### Exercise:
With the line that contains "Some of the words" as the first line, output exactly every line through the end of the material.

### Listed records:
........
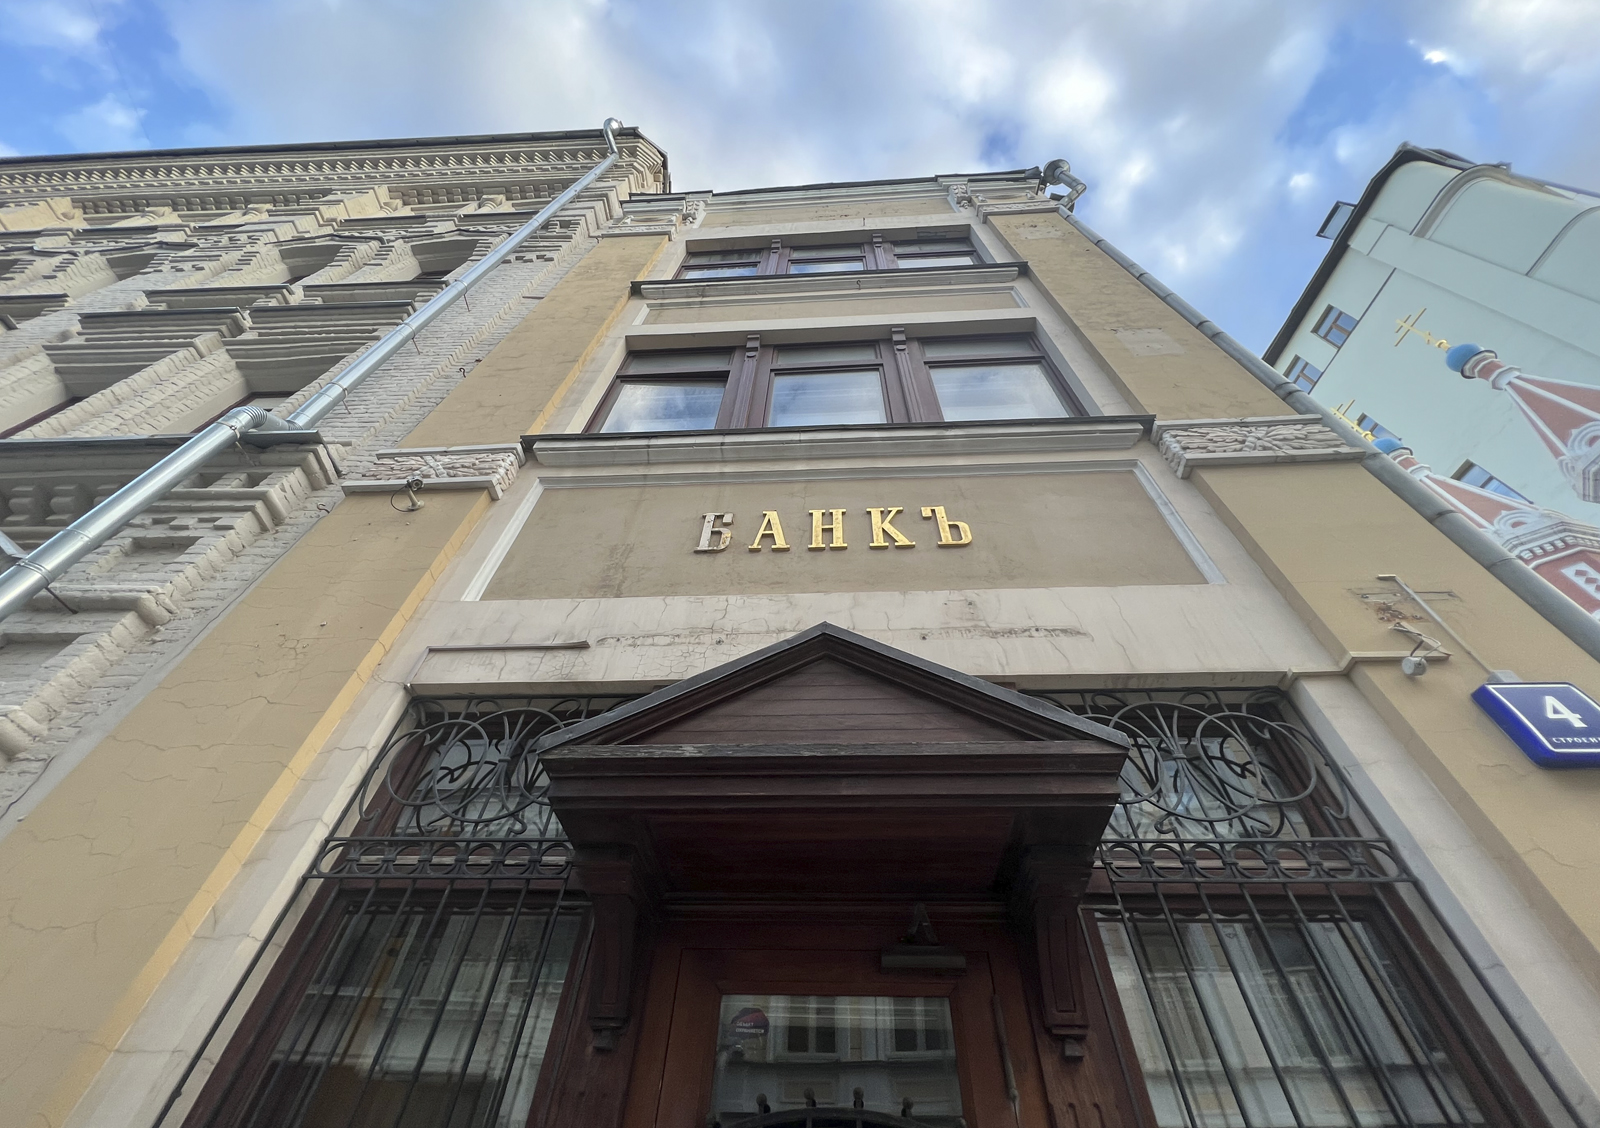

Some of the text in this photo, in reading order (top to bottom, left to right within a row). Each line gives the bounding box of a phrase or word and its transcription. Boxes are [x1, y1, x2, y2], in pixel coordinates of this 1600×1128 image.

[694, 505, 972, 552] БАНКЪ
[1545, 695, 1588, 728] 4
[1552, 736, 1600, 744] СТРОЕН
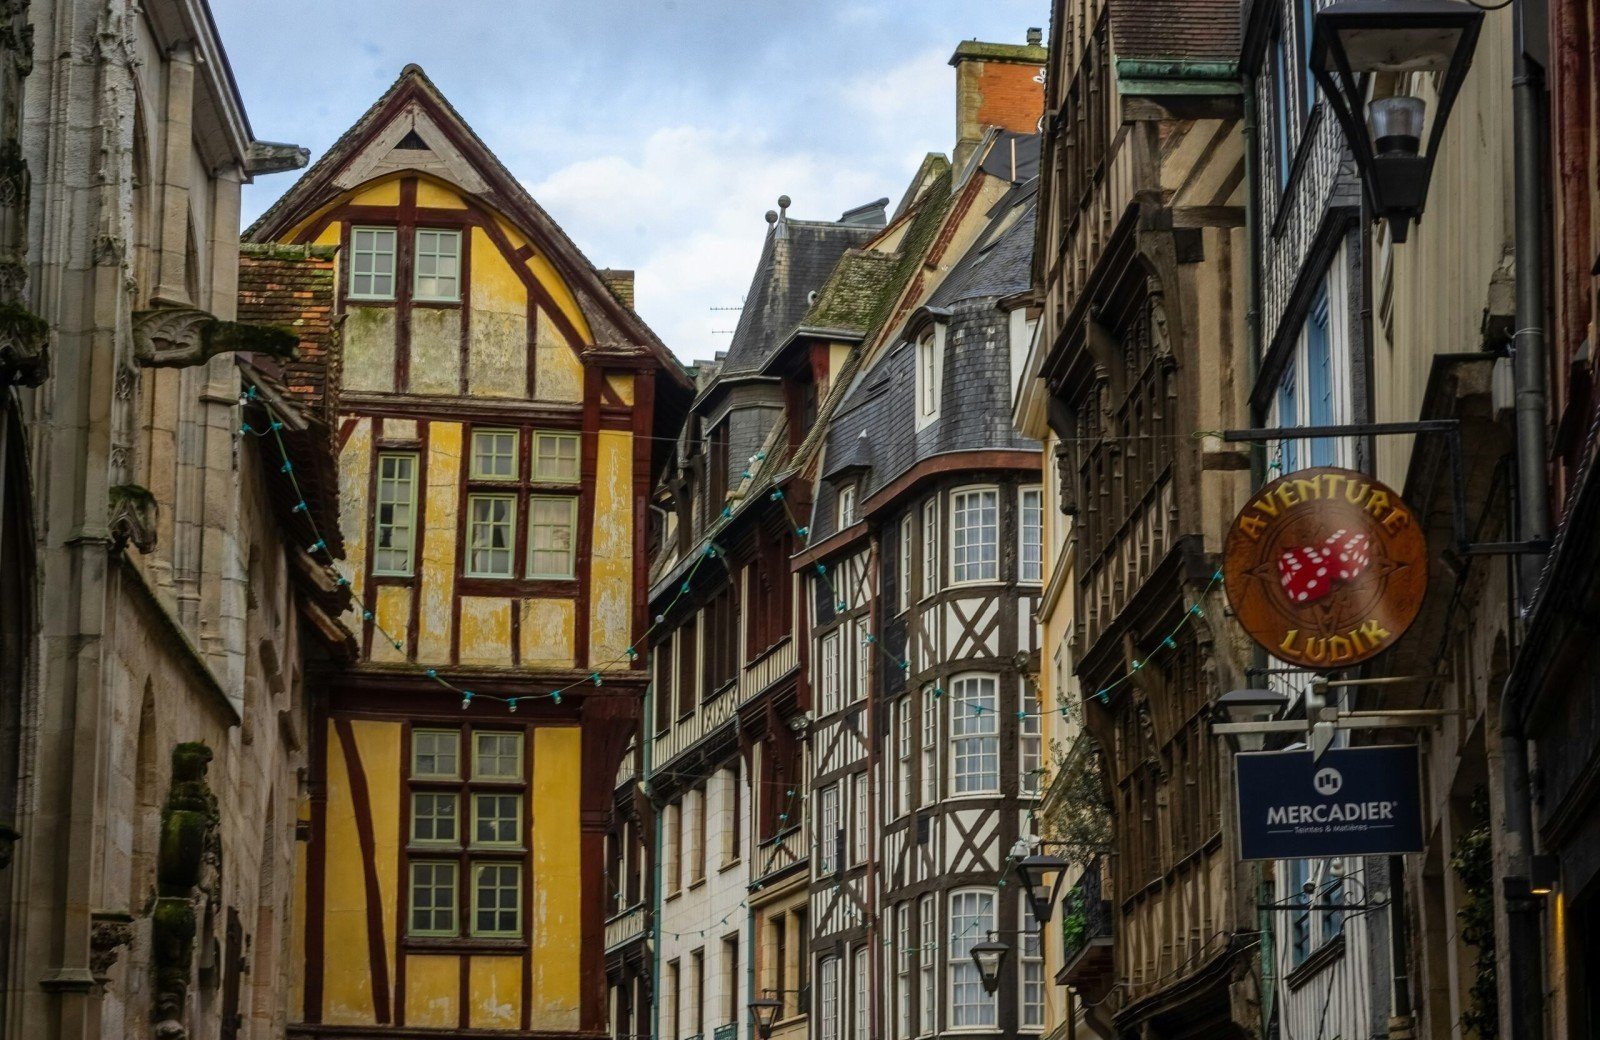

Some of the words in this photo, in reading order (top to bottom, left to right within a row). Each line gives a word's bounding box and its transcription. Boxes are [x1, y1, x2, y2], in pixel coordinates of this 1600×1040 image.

[1239, 474, 1409, 539] AVENTURE
[1280, 619, 1390, 662] LUDIK
[1267, 801, 1394, 825] MERCADIER
........
### Your solution:
Some of the words in this photo, in reading order (top to bottom, left to right within a row). Each line gives a word's bounding box and its transcription. Boxes are [x1, y1, x2, y2], in pixel coordinates of this 1600×1040 image.

[1239, 474, 1409, 539] AVENTURE
[1280, 619, 1390, 662] LUDIK
[1267, 801, 1394, 825] MERCADIER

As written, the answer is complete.